From The Magazine of Fantasy and Science Fiction, September 1975.
     

Nachtschicht
     
     
    Dennison schob seine Karte in die Büro-Kontrolluhr, wartete auf das schwere Stampfen und riß die Karte an sich, als die Maschine sie ausspuckte. Er steckte sie in ihr Fach zwischen den anderen Karten und trat durch die Bürotür hinaus auf das Verladedock.

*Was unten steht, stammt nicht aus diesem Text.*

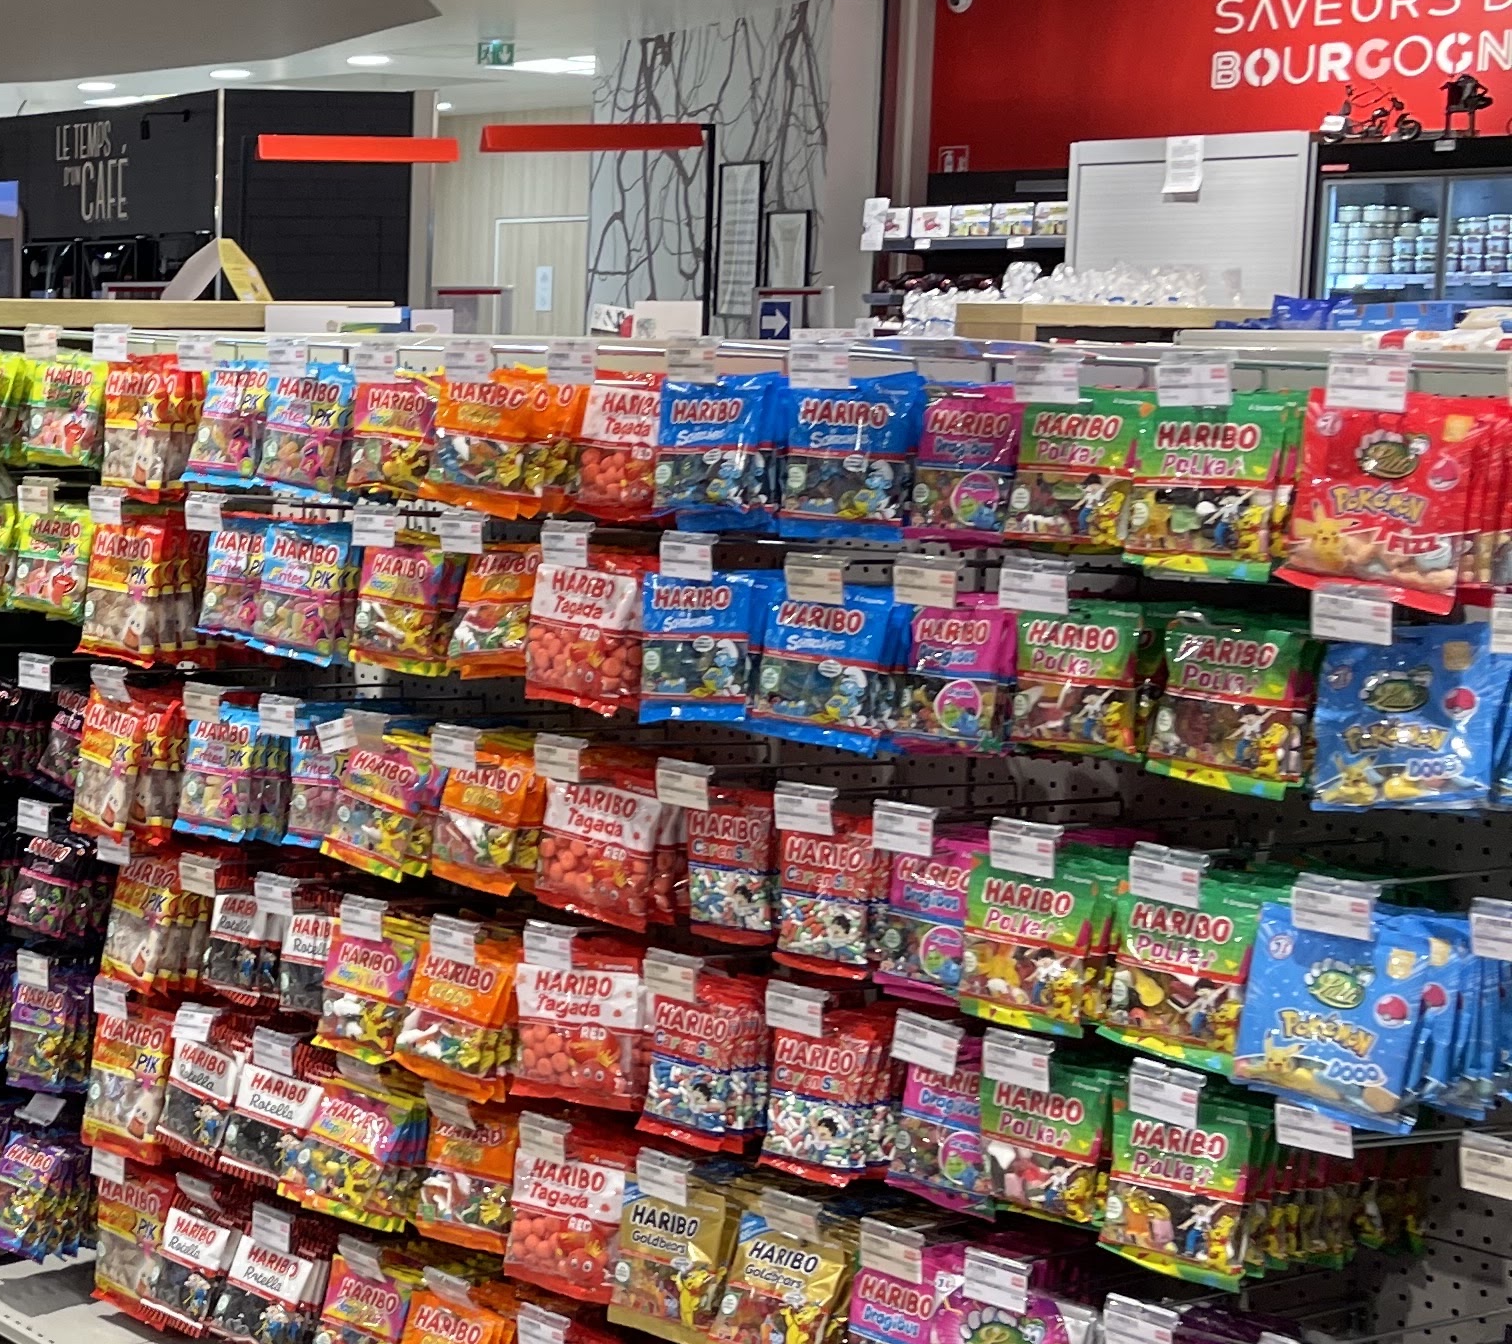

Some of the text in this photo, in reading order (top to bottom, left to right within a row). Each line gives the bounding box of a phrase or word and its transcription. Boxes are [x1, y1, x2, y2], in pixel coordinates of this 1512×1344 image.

    Es war, als steige man in einen Schmelzofen. Das Büro, eine Plastikwarze im Gesicht des erhöhten, kreisrunden Docks, besaß eine Klimaanlage, aber der Verladebereich selbst nicht. Der Betonboden hatte unter der Augustsonne viel leiden müssen, und nun rächte er sich doppelt.
    Dennison hatte gerade mit einem Gebet für die Seelen der armen Kerle begonnen, die untertags hier draußen arbeiten mußten, als der arme Kerl und Vorarbeiter McAllister auf ihn zukam und ihm ein Klemmbrett überreichte.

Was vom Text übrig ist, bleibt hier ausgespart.